Restate the following records word for word without images.

═══ Source data ═══

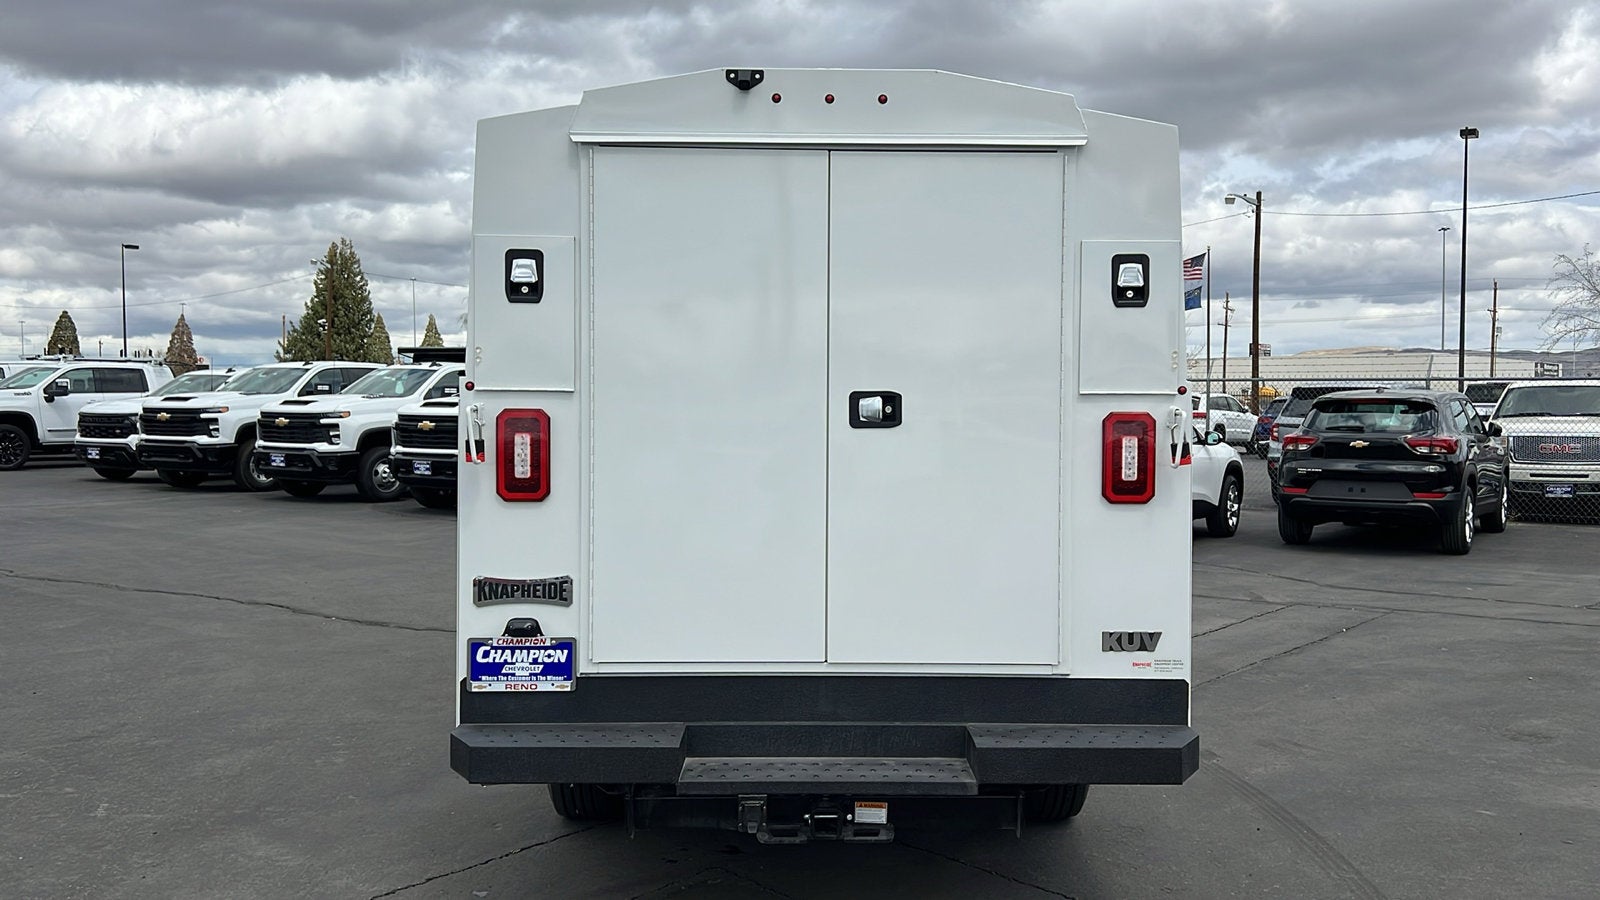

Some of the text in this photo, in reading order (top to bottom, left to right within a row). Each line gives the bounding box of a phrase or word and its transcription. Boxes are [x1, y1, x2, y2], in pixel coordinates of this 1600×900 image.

[1539, 443, 1581, 453] GMC
[477, 580, 569, 602] KNAPHEIDE
[496, 638, 547, 646] CHAMPION
[1101, 631, 1162, 652] KUV
[476, 646, 568, 663] CHAMPION
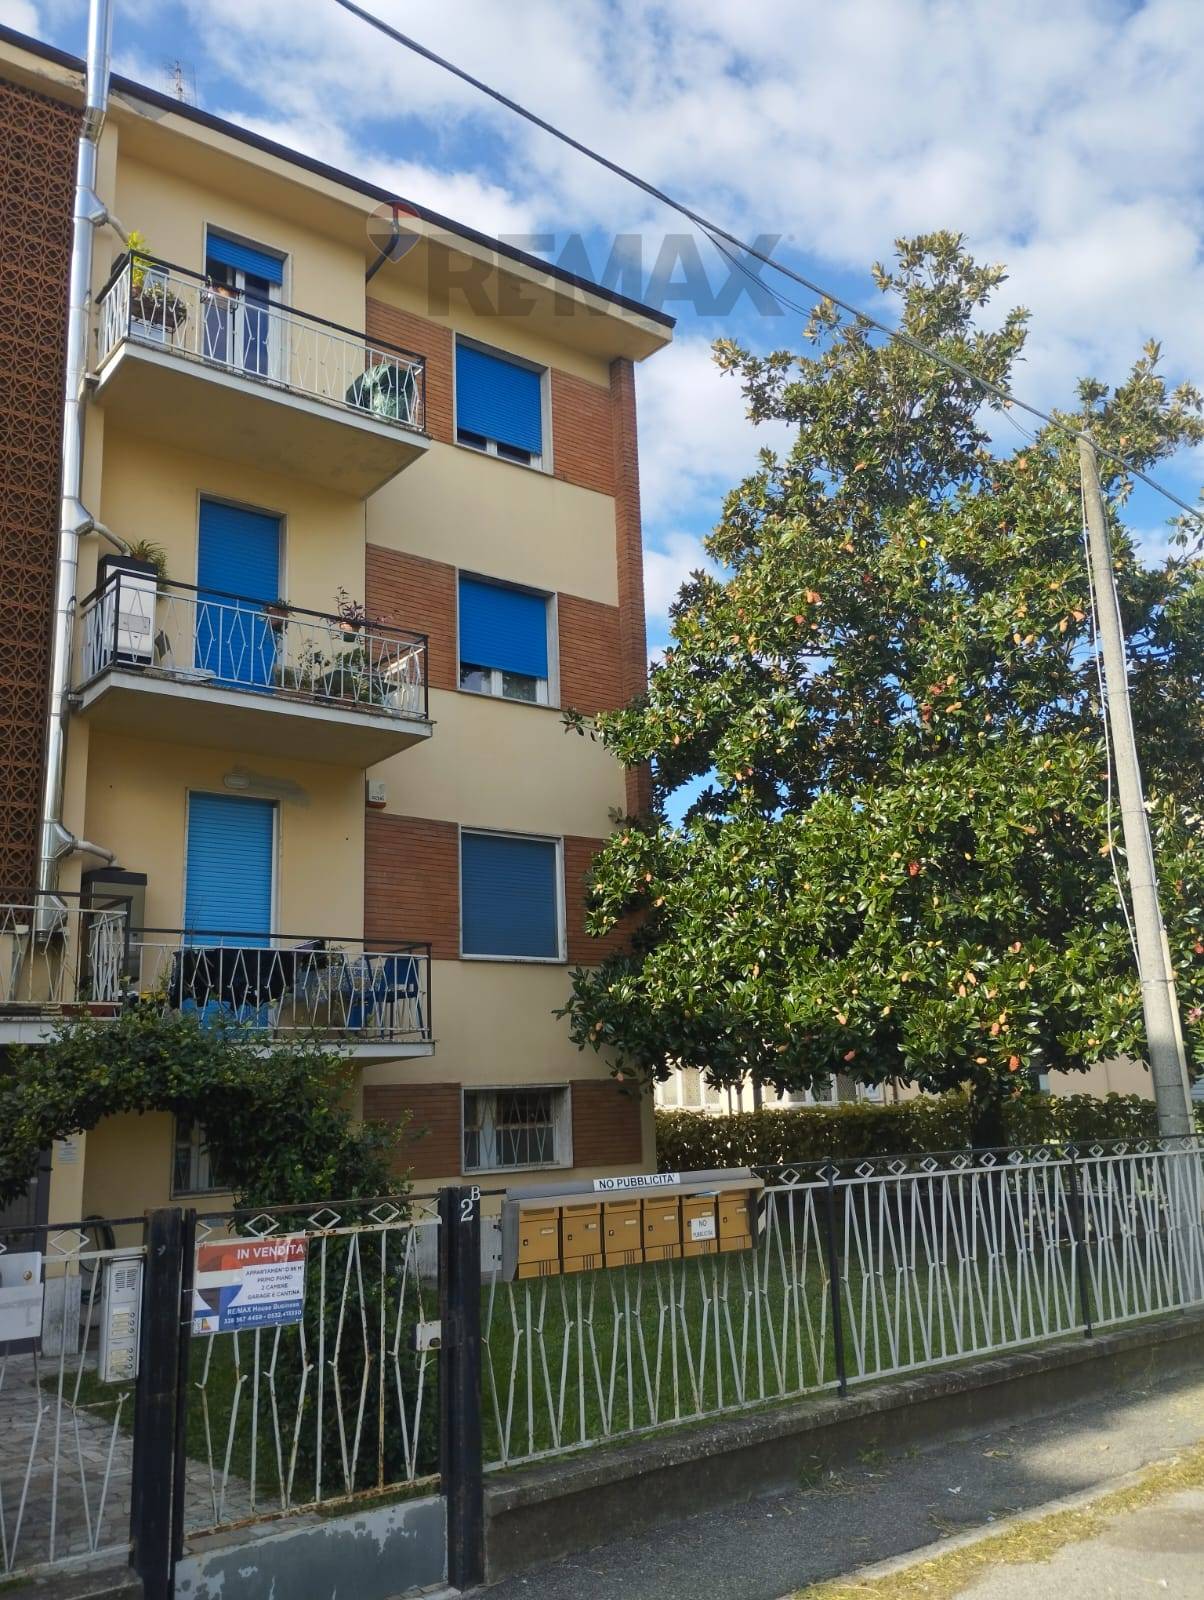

═══

— Output of the task —
Some of the text in this photo, in reading order (top to bottom, left to right within a row). Each line gives the bounding box of a phrase or word and its transcription. Boxes are [x1, y1, x2, y2], in pixel coordinates of this 1600×900 image.

[1539, 443, 1581, 453] GMC
[477, 580, 569, 602] KNAPHEIDE
[496, 638, 547, 646] CHAMPION
[1101, 631, 1162, 652] KUV
[476, 646, 568, 663] CHAMPION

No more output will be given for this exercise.